J'ai bien conscience que, pour un certains nombre de personnes, ces chemins de traverse que j'emprunte représentent autant de faux pas qui me décrédibilisent à leurs yeux ; un de ces petits marquis qui s'érigent aujourd'hui en arbitres des élégances sur les réseaux sociaux m'aura ainsi moqué de préférer un bon vieux Pink Floyd à un disque raté de musique napolitaine qu'il présentait en l'affublant de la quincaillerie superlative qui lui tient lieu de discours. Pour les gens de ma génération (j'aurai 45 ans à la fin de cette année), je veux croire que les frontières entre les genres ne sont plus aussi étanches qu'elles purent l'être pour d'autres et qu'il est possible de passer du XV e siècle de Wolkenstein au New-York électrique d'Interpol sans avoir besoin de se justifier, quand bien même je donne le sentiment de le faire ici, ma parole étant publique. Peut-être aussi dois-je au fait d'avoir trouvé dans mon biberon les Beatles et Pink Floyd avant même de connaître le nom de Mozart de n'avoir développé, quand je l'ai rencontré et adopté, aucun esprit de caste et d'avoir eu la chance de conserver un pied dans chaque univers.

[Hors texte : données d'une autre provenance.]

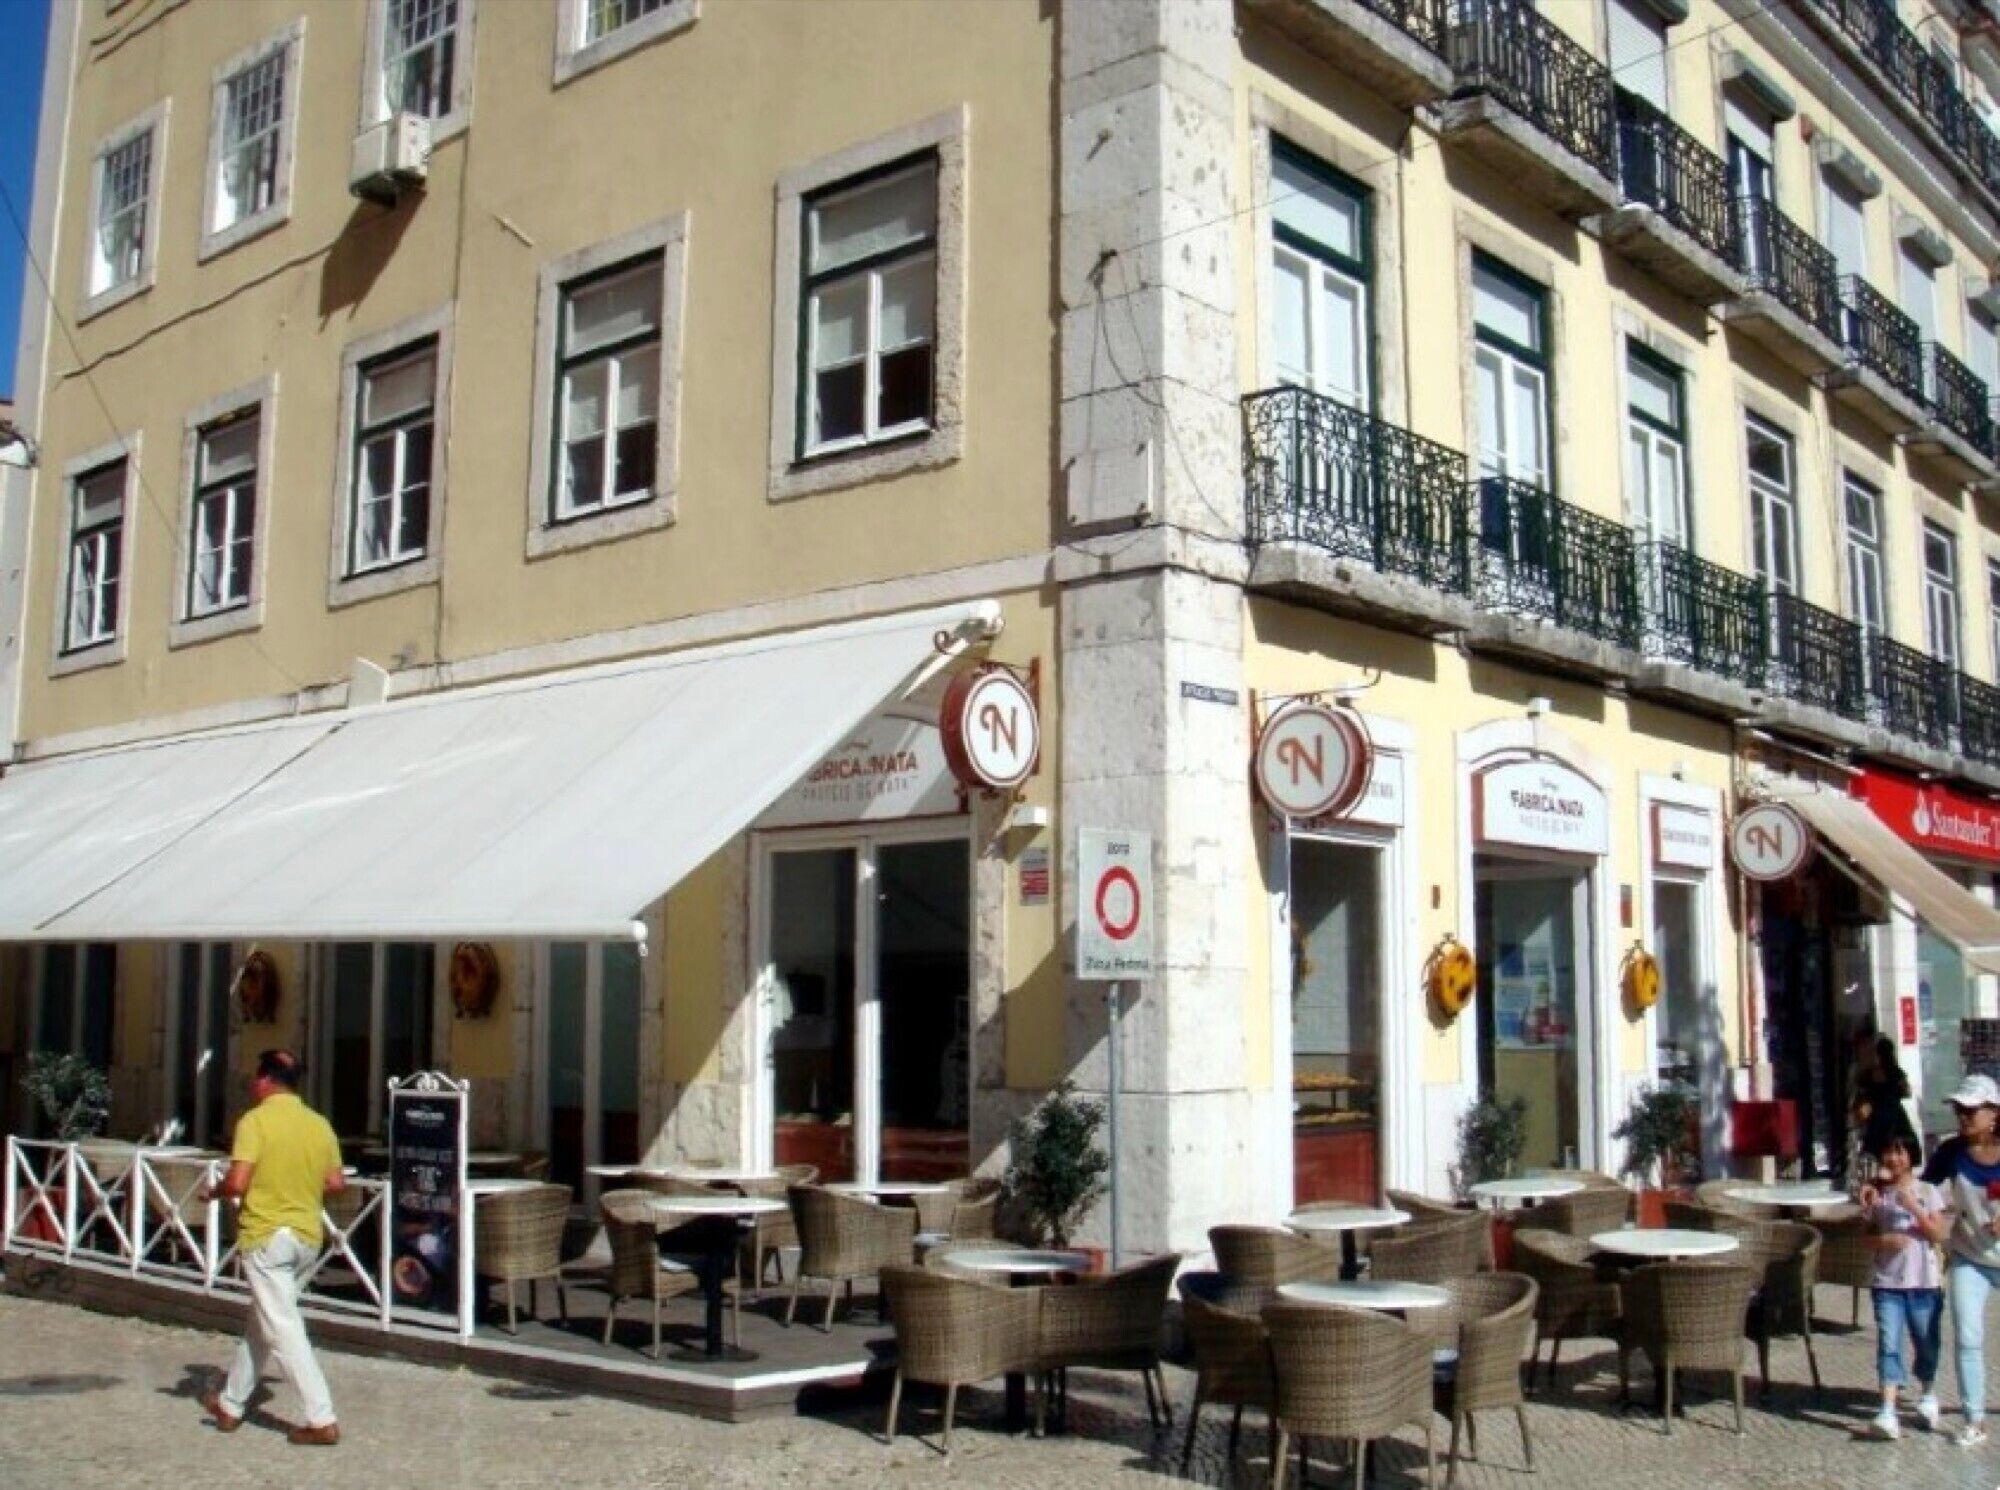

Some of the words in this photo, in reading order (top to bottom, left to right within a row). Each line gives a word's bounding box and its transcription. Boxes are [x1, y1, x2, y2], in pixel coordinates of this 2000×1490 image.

Voici donc douze reflets de ce que fut mon année 2014 sur ces chemins buissonniers retrouvés avec un bonheur confinant parfois à l'ivresse. Je m'en suis tenu aux catégories album, chanson et découverte de l'année demandés dans l'exercice initial, mais tout est sur le cliché qui accompagne ces quelques lignes.
La tentation est grande, bien entendu, de tenter de deviner la part d'autobiographie qui se cache sous l'initiale du titre, et si l'on peut imaginer que cette dimension de miroir n'est pas absente, le fait n'a pas, en soi, une si grande importance. Ce que l'on retient au fil des écoutes de ce disque chaleureux et intime que sa construction et sa production également impeccables n'empêchent pas de regarder l'auditeur dans les yeux et de lui murmurer à l'oreille, c'est l'impression de se trouver face à une réalisation que son équilibre rend déjà classique.
Extrait choisi : Noxolo
Extrait choisi : Stars make progress
First mind se révèle un premier album d'une grande richesse qui souligne aussi bien le savoir-faire de son auteur que sa capacité à savoir s'entourer pour donner corps à ses projets. On sait gré à Nick Mulvey d'avoir, comme tout bon peintre, résisté à la tentation de l'effet pittoresque pour lui-même et d'avoir préféré le mettre entièrement au service d'un disque qui parle de voyages et d'amour avec pudeur et fièvre.
Extrait choisi : I don't want to go home
2 juin - Isaac Delusion
Chacun abordera ce disque avec la sensibilité qui lui est propre. Certains retiendront avant tout son caractère globalement enjoué et sensuel - notons que même si l'électronique est évidemment reine ici, le soin apporté à la réalisation et la présence d'instruments acoustiques lui apportent une véritable chaleur -, d'autres le liront comme la bande-son rêvée, dans tous les sens du terme, des longues soirées de fête où l'on se croise et parfois se frôle sans toujours se rencontrer, des promenades en lisière d'océan ou sous les dunes sous des cieux gonflés de nostalgie.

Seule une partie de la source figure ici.